Trapped in Hunger and Fear: Sudan’s Children Struggle After 500 Days Under Siege
Written By Maxine Ansah
|
Getting your Trinity Audio player ready...
|
For 500 days, the city of Al Fasher in Sudan’s North Darfur has been under siege, leaving children facing a relentless crisis of starvation, disease, and deadly violence. Once a centre of refuge for those fleeing war, the city has now become the epicentre of suffering, with entire families cut off from lifesaving aid.
At least 600,000 people have been displaced from Al Fasher and surrounding camps in recent months, half of them children. Inside the city, an estimated 260,000 civilians remain trapped, including 130,000 children who are living in desperate conditions without access to essential supplies for more than 16 months.
“We are witnessing a devastating tragedy. Children in Al Fasher are starving while UNICEF’s lifesaving nutrition services are being blocked,” said UNICEF Executive Director Catherine Russell. She described the denial of humanitarian access as a grave violation of children’s rights, warning that lives are hanging in the balance.
The toll on young lives is staggering. Since the siege began in April 2024, more than 1,100 grave violations against children have been verified. Over 1,000 have been killed or maimed, many while sheltering in their homes, displacement camps, or local marketplaces. Reports confirm that at least 23 children have been subjected to rape, gang rape, or sexual abuse. Others have been abducted, recruited, or forced into service by armed groups. UNICEF and other agencies believe the real numbers are far higher, as access restrictions make verification difficult.
Violence continues to devastate families. Just this week, seven children were reported killed in an attack on the Abu Shouk Internal Displacement Camp on the city’s outskirts. Such assaults have left survivors traumatised and communities increasingly vulnerable.
The blockade enforced by the Rapid Support Forces has crippled health services. Supplies have run out, forcing health facilities and mobile nutrition teams to shut down. Around 6,000 children suffering from Severe Acute Malnutrition (SAM) are left without treatment. Without therapeutic food and urgent medical support, these children face a sharply increased risk of death.
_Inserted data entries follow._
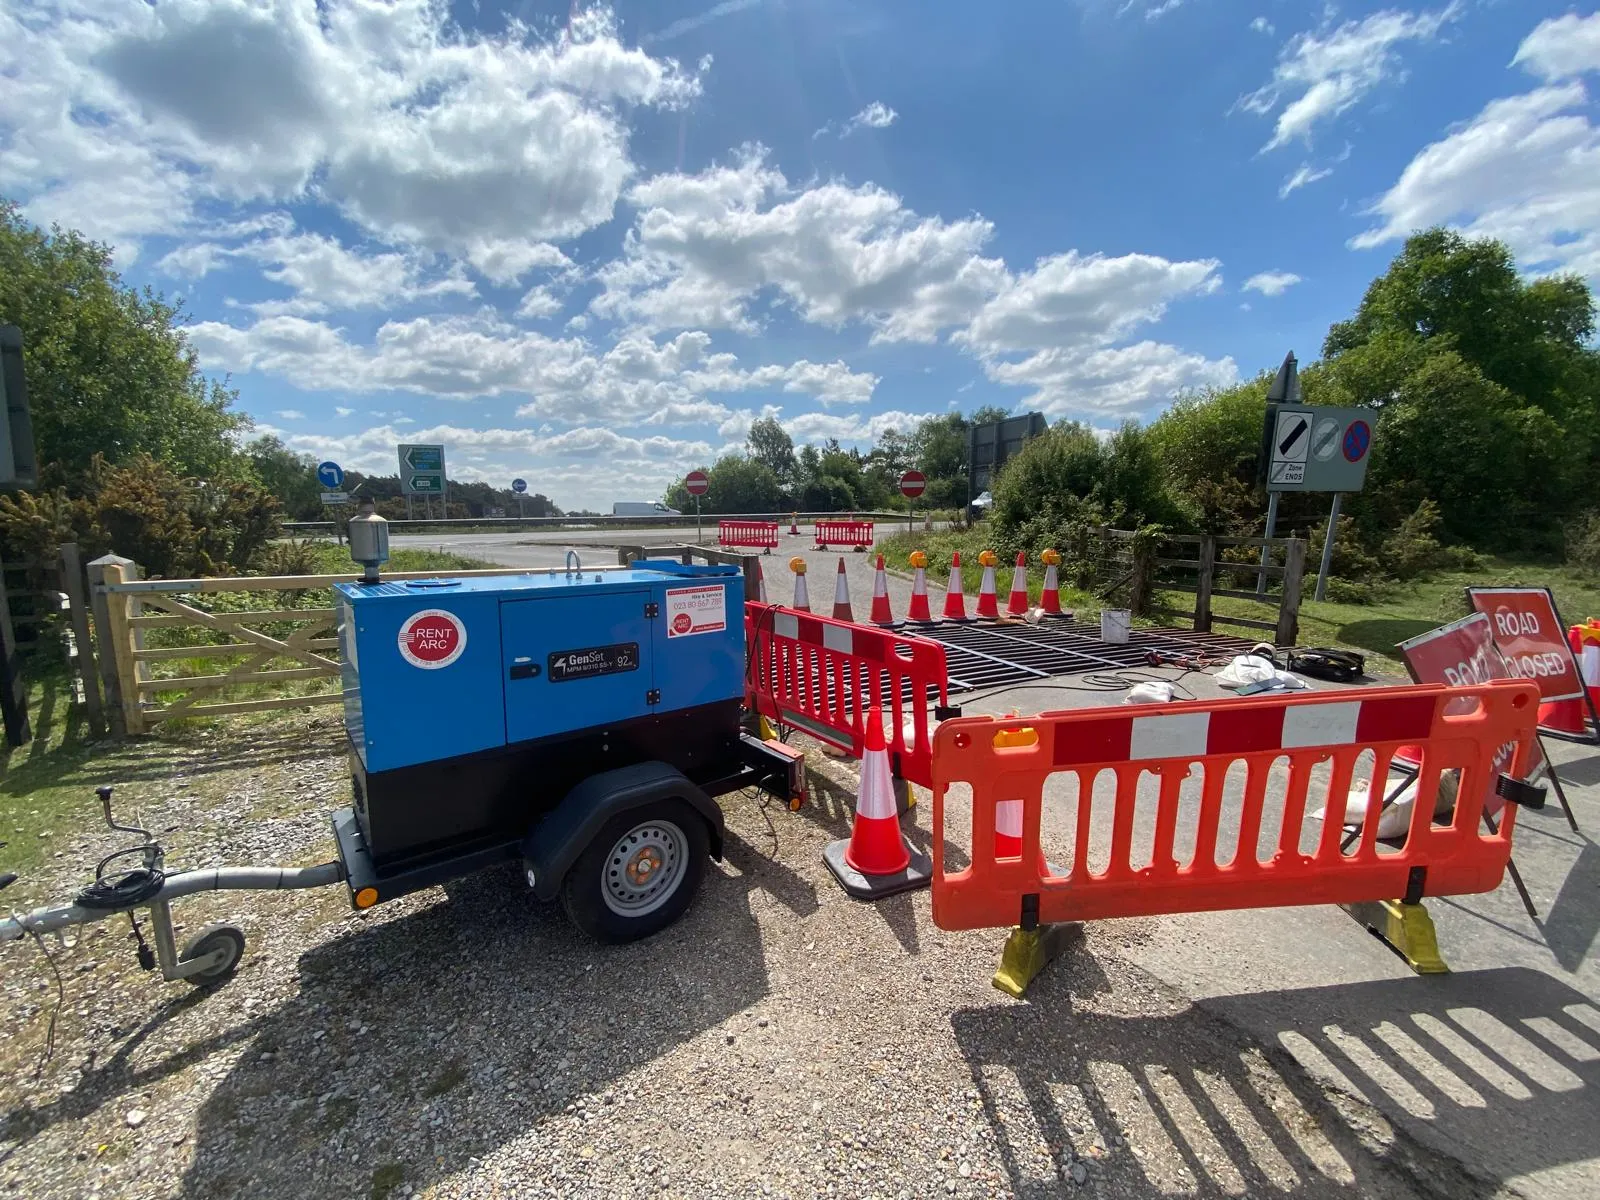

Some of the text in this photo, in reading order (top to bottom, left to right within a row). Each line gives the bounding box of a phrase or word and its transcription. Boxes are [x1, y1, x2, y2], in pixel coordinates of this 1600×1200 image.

[1288, 463, 1302, 471] Zone
[1494, 612, 1540, 636] ROAD
[416, 628, 452, 638] RENT
[419, 639, 447, 649] ARC
[568, 651, 604, 665] GenSet
[617, 655, 628, 667] 92
[1505, 652, 1566, 679] CLOSED
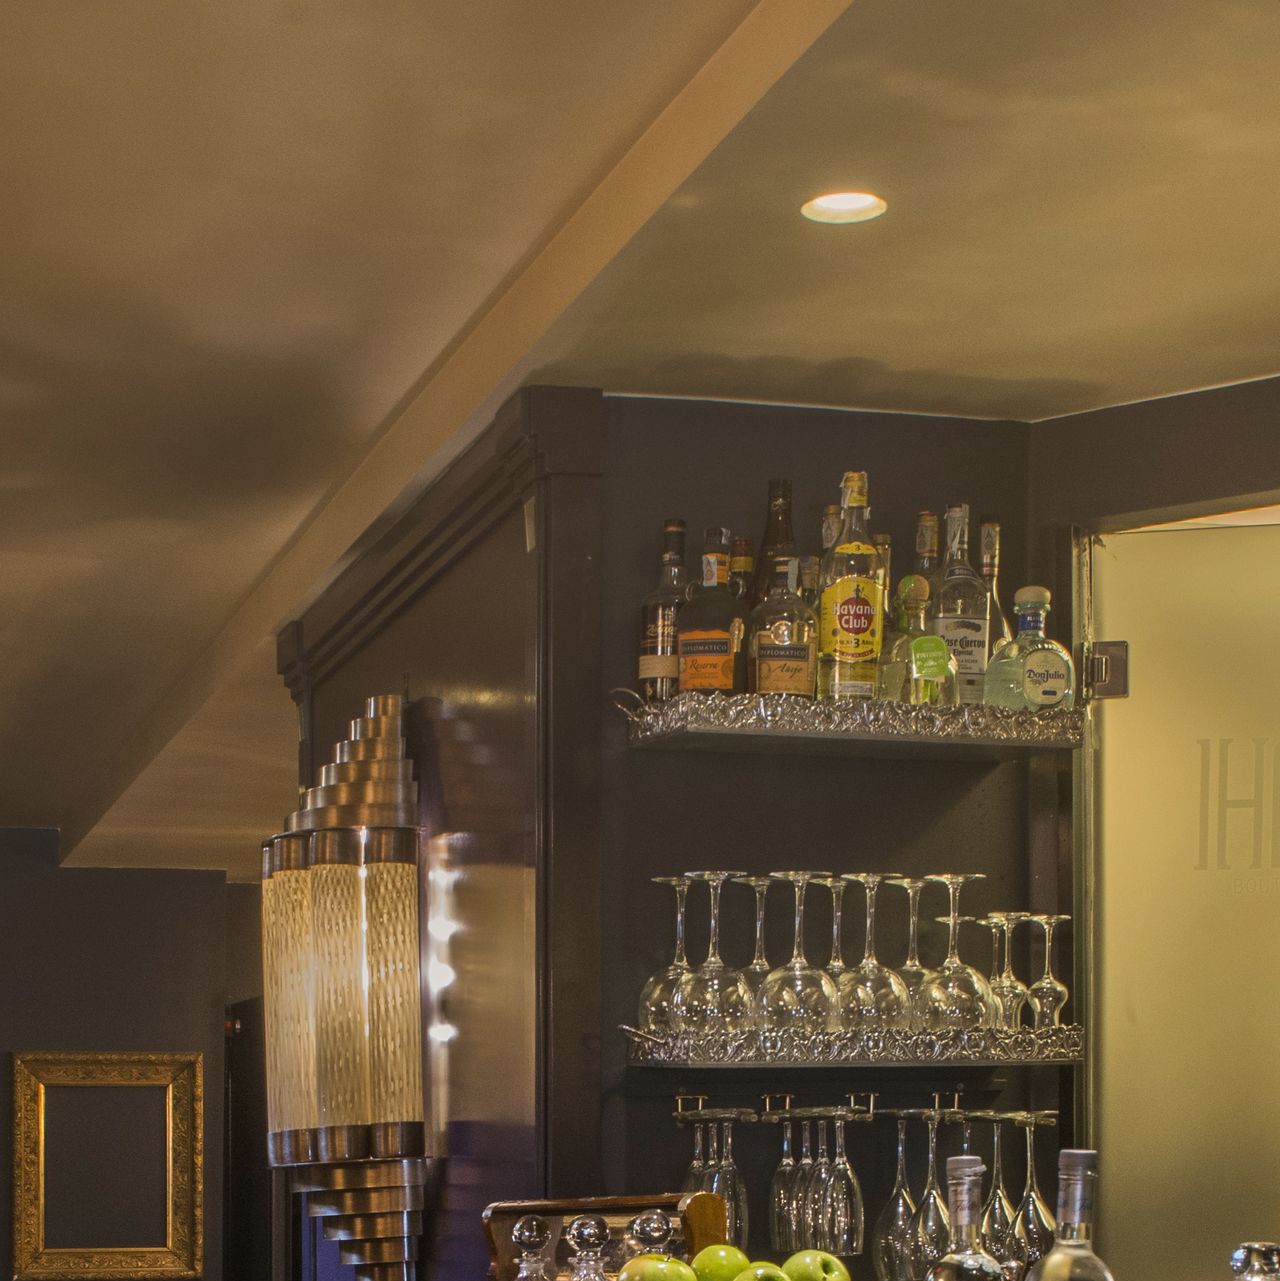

Hospitals and schools have also come under repeated attack. Thirty-five hospitals and six schools have been struck, among them Al Fasher Saudi Maternal Teaching Hospital, which has been hit more than ten times. Shelling in January destroyed the therapeutic health centre at Abu Shouk camp, stripping thousands of children of essential treatment.
Malnutrition is spreading rapidly. Since January alone, over 10,000 children in Al Fasher have been treated for SAM, nearly double the figure from the previous year. However, depleted supplies have halted these efforts, with reports indicating that at least 63 people, mostly women and children, died from malnutrition in just one week.
Beyond Al Fasher, the crisis is spreading. In July, Mellit locality, which has absorbed large numbers of displaced people, recorded an acute malnutrition rate of 34.2 per cent, the highest since the war began in April 2023.
As hunger deepens, disease is compounding the misery. Sudan is facing its worst cholera outbreak in decades. Since July 2024, there have been more than 96,000 suspected cases and 2,400 deaths nationwide. In Darfur alone, nearly 5,000 cases and 98 deaths have been recorded. Children weakened by hunger are particularly vulnerable, especially in overcrowded displacement camps such as those in Tawila, Zamzam, and Al Fasher.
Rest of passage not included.